Making base==0 a special case doesn't have to mean ruling out or
eliminating NUM_BASE_SPECIFIER for the base==16 case. However, a
special case base==0 would make the API a bit non-orthogonal and
require extra documentation. But for those familiar with how strto*l()
treats base==0 specially, the rule of least surprise may apply.

> If you agree with that, then the remaining question is: which policy is
> less error-prone? My thinking was that forcing the caller to specify
> NUM_BASE_SPECIFIER explicitly when they select base==0 will serve as a
> reminder that the two features are intertwined.

Since base==0 would unambiguously imply NUM_BASE_SPECIFIER, being able
to tersely say convert_i(s, 0, &result) would be a win from a
convenience perspective. However...

> Because another
> imaginable policy (arguably more consistent with the policy for base!=0)
> would be that
>
>     convert_i(s, 0, &result)
>
> , because it *doesn't* specify NUM_BASE_SPECIFIER, doesn't allow a base
> prefix, and therefore indirectly only allows base-10 numbers.
>
> But I don't feel strongly about this.

I don't feel strongly about it either, and can formulate arguments
either way. Assuming you stick with your current design, if the
strictness of having to specify NUM_BASE_SPECIFIER for base==0 proves
too burdensome, it can be loosened later by making base==0 a special
case.

On the other hand, if you go with Junio's suggestion of choosing names
for these functions which more closely mirror strto*l() names, then
the rule of least surprise might suggest that a special case for
base==0 has merit.

>>> + * Return 0 on success or a negative value if there was an error. On
>>> + * failure, *result and *entptr are left unchanged.
>>> + *
>>> + * Please note that if NUM_TRAILING is not set, then it is
>>> + * nevertheless an error if there are any characters between the end
>>> + * of the number and the end of the string.
>>
>> Again, on the subject of convenience, why this restriction? The stated
>> purpose of the parse_*() functions is to parse the number from the
>> front of the string and return a pointer to the first non-numeric
>> character following. As  a reader of this API, I interpret that as
>> meaning that NUM_TRAILING is implied. Is there a strong reason for not
>> inferring NUM_TRAILING for the parse_*() functions at the API level?
>> (I realize that the convert_*() functions are built atop parse_*(),
>> but that's an implementation detail.)
>
> Yes, I'd also thought about that change:
>
> * Make NUM_TRAILING private.
> * Make the current parse_*() functions private.
> * Add new parse_*(s, flags, result, endptr) functions that imply
> NUM_TRAILING (and maybe they should *require* a non-null endptr argument).
> * Change the convert_*() to not allow the NUM_TRAILING flag.
>
> This would add a little bit of code, so I didn't do it originally.

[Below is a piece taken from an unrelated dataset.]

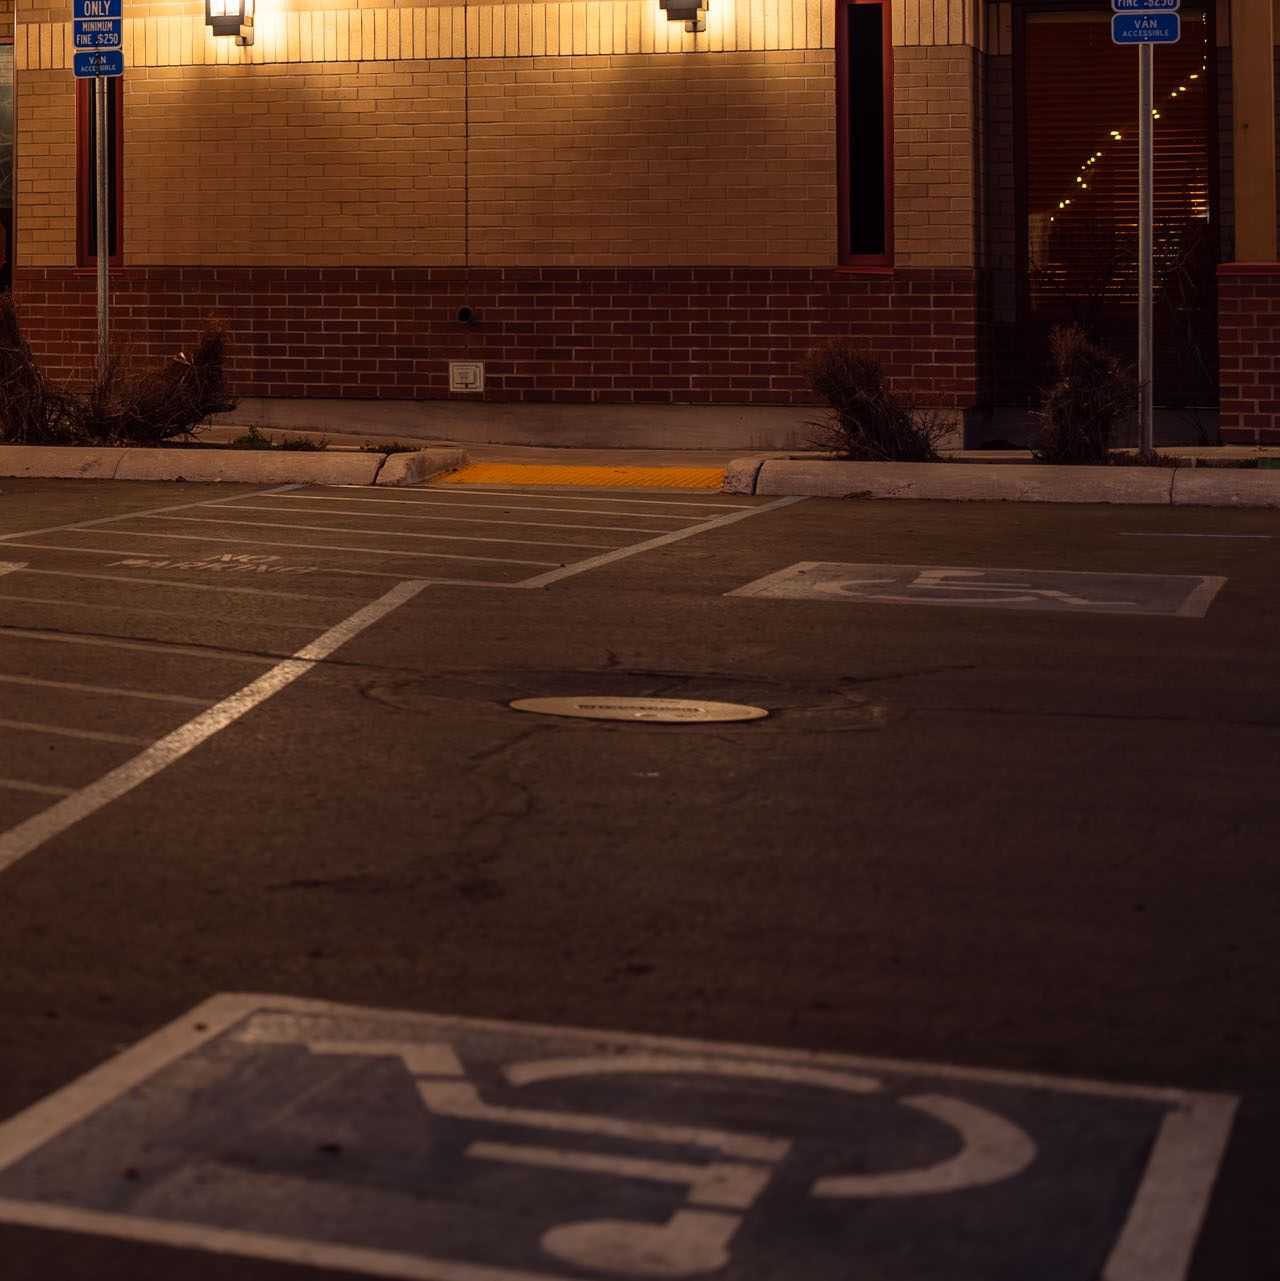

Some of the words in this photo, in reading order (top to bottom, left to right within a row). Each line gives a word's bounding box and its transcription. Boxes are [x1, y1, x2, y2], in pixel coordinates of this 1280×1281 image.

[83, 0, 111, 16] ONLY
[82, 21, 113, 32] MINIMUM
[1134, 20, 1157, 28] VAN
[76, 34, 92, 44] FINE

But
> since you seem to like the idea too, I guess I will make the change.

The other option (as Junio also suggested) is to collapse this API
into just the four parse_*() functions. All of the call-sites you
converted in this series invoked convert_*(), but it's not clear that
having two sets of functions which do almost the same thing is much of
a win. If the default is for NUM_TRAILING to be off, and if NULL
'endptr' is allowed, then:

    parse_ul(s, 10, &result, NULL);

doesn't seem particularly burdensome compared with:

    convert_ul(s, 10, &result);

A more compact API, with only the parse_*() functions, means less to
remember and less to document, and often is more orthogonal.

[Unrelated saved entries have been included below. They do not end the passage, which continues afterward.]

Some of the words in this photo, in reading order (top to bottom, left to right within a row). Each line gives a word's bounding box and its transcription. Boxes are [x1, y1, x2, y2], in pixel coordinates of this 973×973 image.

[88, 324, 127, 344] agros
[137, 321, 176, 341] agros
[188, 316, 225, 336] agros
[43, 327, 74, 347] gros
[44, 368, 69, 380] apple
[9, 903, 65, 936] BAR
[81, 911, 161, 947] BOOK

The argument for dropping the convert_*() functions is strengthened if
you follow Junio's suggestion to name these functions after the
strto*l() variations.

>>> +int parse_l(const char *s, unsigned int flags,
>>> +           long *result, char **endptr);
>>
>> Do we want to perpetuate the ugly (char **) convention for 'endptr'
>> from strto*l()? Considering that the incoming string is const, it
>> seems undesirable to return a non-const pointer to some place inside
>> that string.
>
> Yes, I guess we could do some internal casting and expose endptr as
> (const char **). It would make it a bit harder if the user actually
> wants to pass a non-const string to the function and then modify the
> string via the returned endptr, but I haven't run into that pattern yet
> so let's make the change you suggested.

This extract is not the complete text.